* [Task brief]
Please output the records below in full, exactly as given, but without the images.

___ Recorded information ___

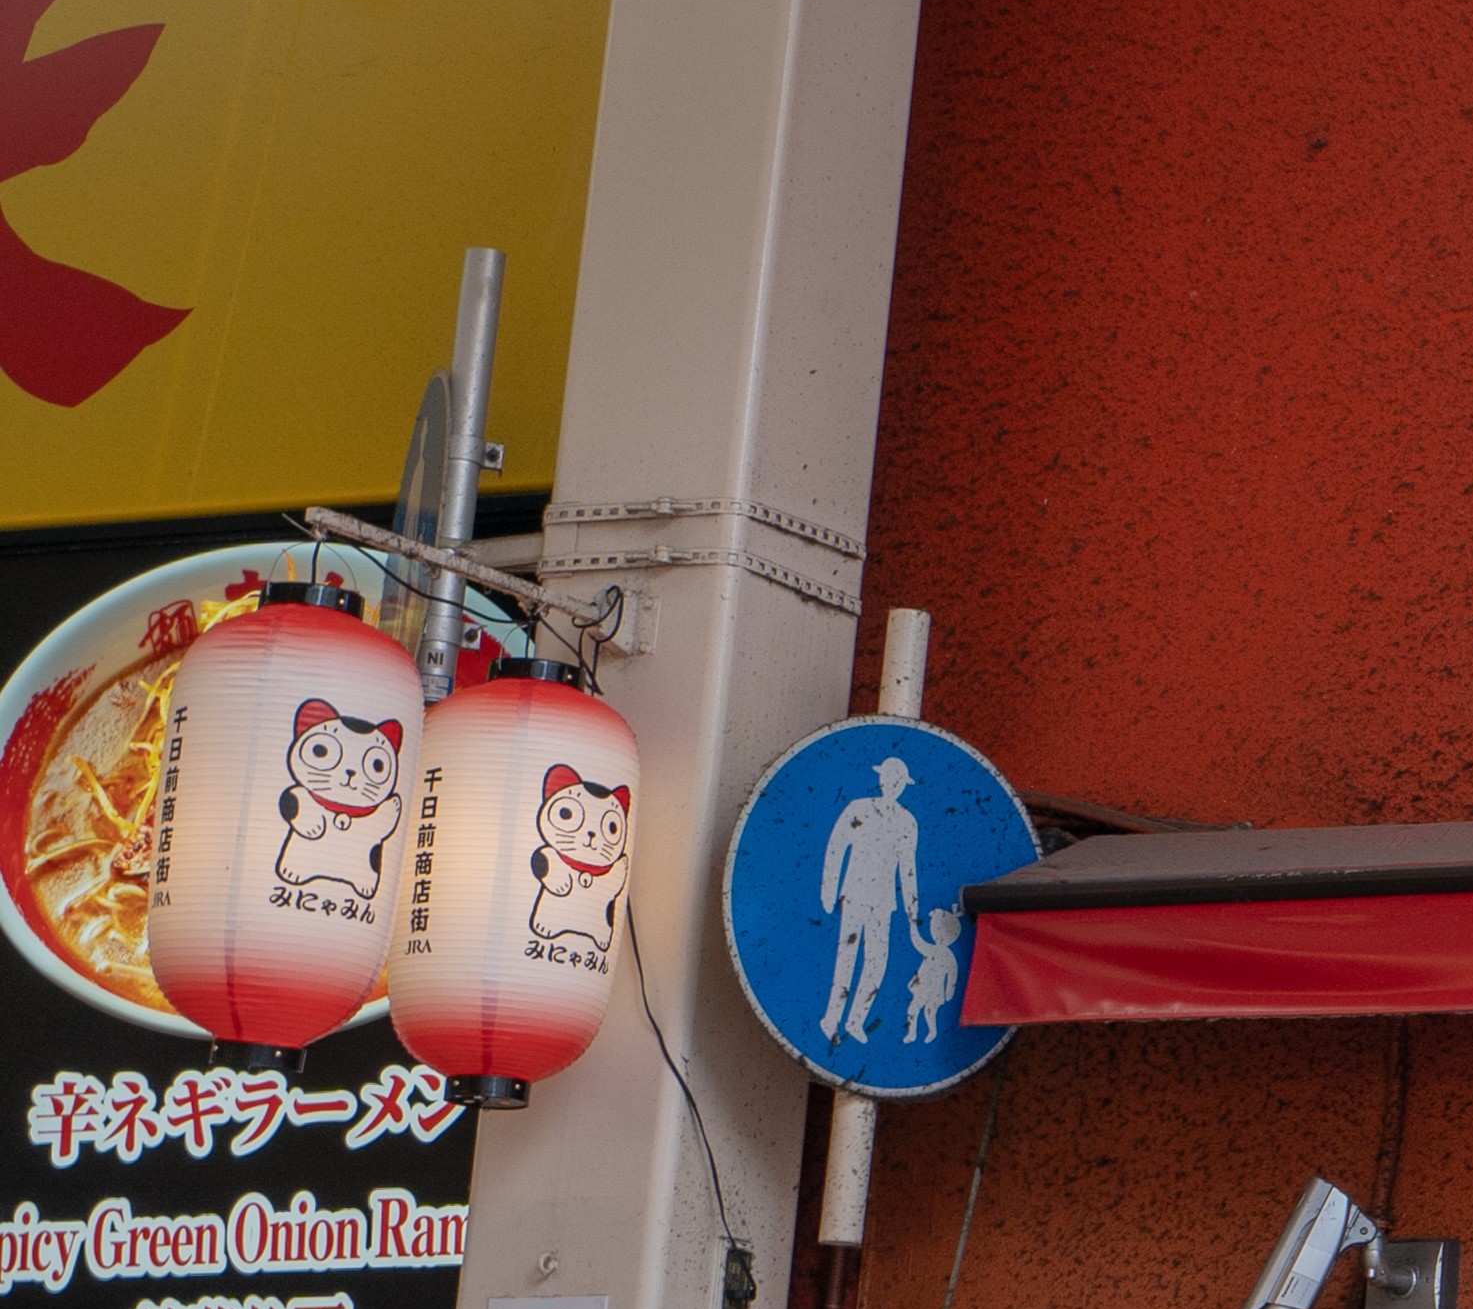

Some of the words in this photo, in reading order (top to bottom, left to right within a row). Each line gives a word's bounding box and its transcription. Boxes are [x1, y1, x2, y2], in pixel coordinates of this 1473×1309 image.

[153, 706, 189, 887] 千日前商店街
[410, 768, 443, 933] 千日前商店街
[269, 885, 377, 925] みにゃみん
[405, 940, 432, 955] JRA
[525, 939, 610, 976] みにゃみん
[37, 1070, 465, 1160] 辛ネギラーメン
[92, 1203, 224, 1273] Green
[234, 1198, 365, 1267] Onion

___

* [Solved exercise]
Some of the words in this photo, in reading order (top to bottom, left to right within a row). Each line gives a word's bounding box and its transcription. Boxes are [x1, y1, x2, y2], in pixel coordinates of this 1473×1309 image.

[153, 706, 189, 887] 千日前商店街
[410, 768, 443, 933] 千日前商店街
[269, 885, 377, 925] みにゃみん
[405, 940, 432, 955] JRA
[525, 939, 610, 976] みにゃみん
[37, 1070, 465, 1160] 辛ネギラーメン
[92, 1203, 224, 1273] Green
[234, 1198, 365, 1267] Onion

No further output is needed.